Practice box: ‘Hidden Champions’ for the roll-out of a new collaborative platform
Rolling out new software throughout an organisation is a major challenge. A mixed-generation team of employees from different disciplines was able to thoroughly test the new collaborative platform before the official launch and was trained in the platform’s tools, options and capabilities. After the launch, they were the point of contact for employees who had questions about how to use the system. This immediately created a positive image of the new digital working environment for all employees – whether young or experienced.
Conclusion: digital change is changing the world of work
Digital change has far-reaching consequences for the world of work. Both older and younger employees must be involved in the digital journey and adapt and develop their skills and abilities, both on the job and in a lifelong sense. To support this continual process, managers are needed to create and inspire learning-friendly working environments. They have an active role to play in shaping digital and other change. But managers need support from human resources management, such as in managing mixed-age teams. Being open to new things, avoiding stereotypes, offering opportunities to learn in safe spaces and enabling exchanges between groups of employees are just some of the factors that help to prepare the workforce for digitisation processes.
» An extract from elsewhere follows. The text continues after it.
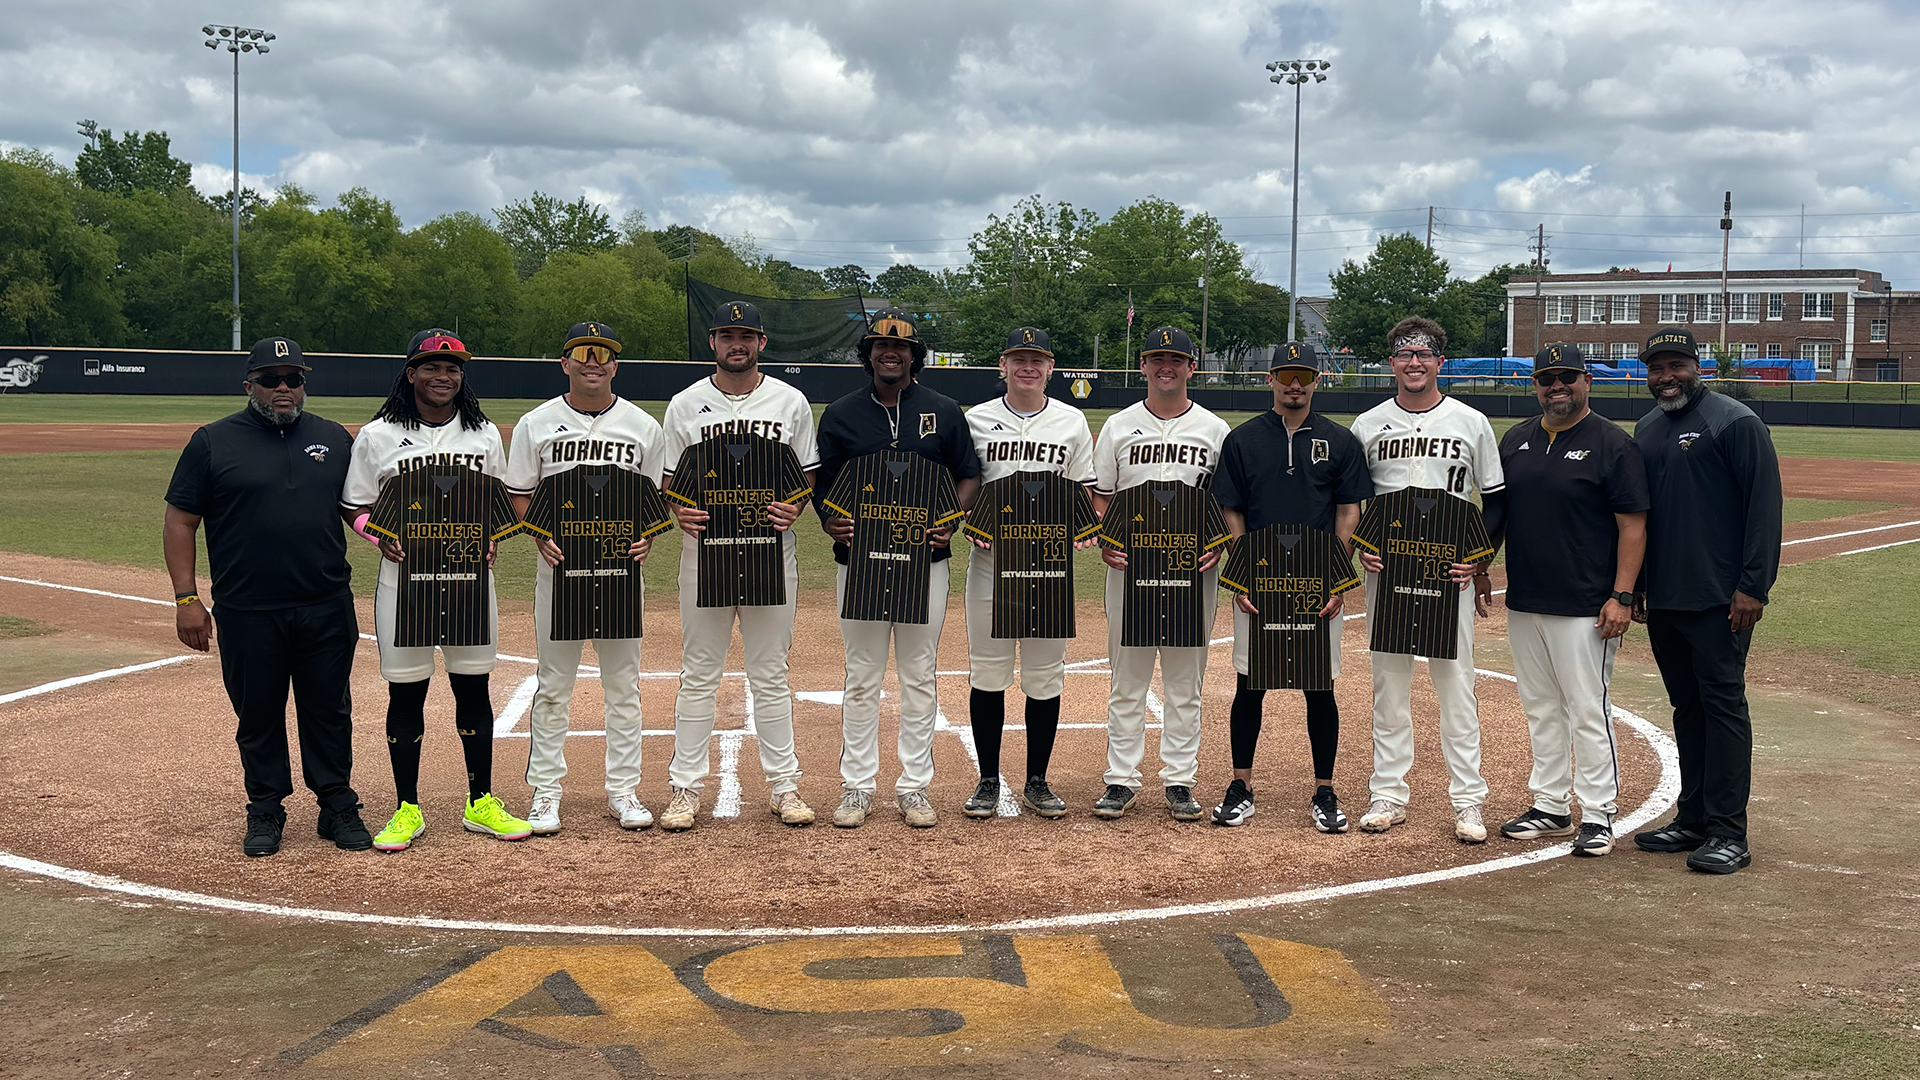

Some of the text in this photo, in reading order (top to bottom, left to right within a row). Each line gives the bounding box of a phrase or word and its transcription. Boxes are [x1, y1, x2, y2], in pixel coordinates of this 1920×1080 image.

The views expressed in this blog are those of the author and not necessarily those of EIPA.
Since 2012, Carolin has been working on a variety of aspects at the company, including the strategic direction of demographic management and life-phase orientation for the steel sector.
She is also involved in German and European research projects on HR issues. Previously, she worked on various demography projects at the Institute of Gerontology at the TU Dortmund University.
Life-phase demographic management at thyssenkrupp Steel Europe.
Based on a ‘collective demographic agreement’ for the German iron and steel industry (Demografie-Tarifvertag), thyssenkrupp Steel Europe has been developing a systematic demographic management system for over ten years now. In recent years, this system has been consistently geared to life and career phase orientation, accompanied by publications on the intranet and other supporting materials. The company has also further developed a large number of measures aimed at promoting a healthy work-life balance over the past years. These include the ‘Stahlsternchen’ company kindergarten for up to 90 children of employees in Duisburg, or the ‘care folder’ that provides information to employees who are wondering how to reconcile their care duties with work. A milestone in 2019 was the extensive company agreement on mobile working, which has played an essential role (especially during the COVID-19 pandemic) in enabling employees to work from home on a regular basis. In order to strengthen their physical and mental health, employees have access to a wide range of occupational health management and social services.
Vocational rehabilitation focuses on employees whose performance has been impacted due to illness or other life events. Preventative policies and a modern working environment help to strengthen autonomous and equal participation in office and working life. The holistically designed on-boarding process for new employees, as well as in-company role switches, help new team members to quickly get settled in their new company’s culture. Alongside the successful pilot project to improve understanding between young and old, the company has for years been running highly rated workshops that prepare employees for their imminent retirement.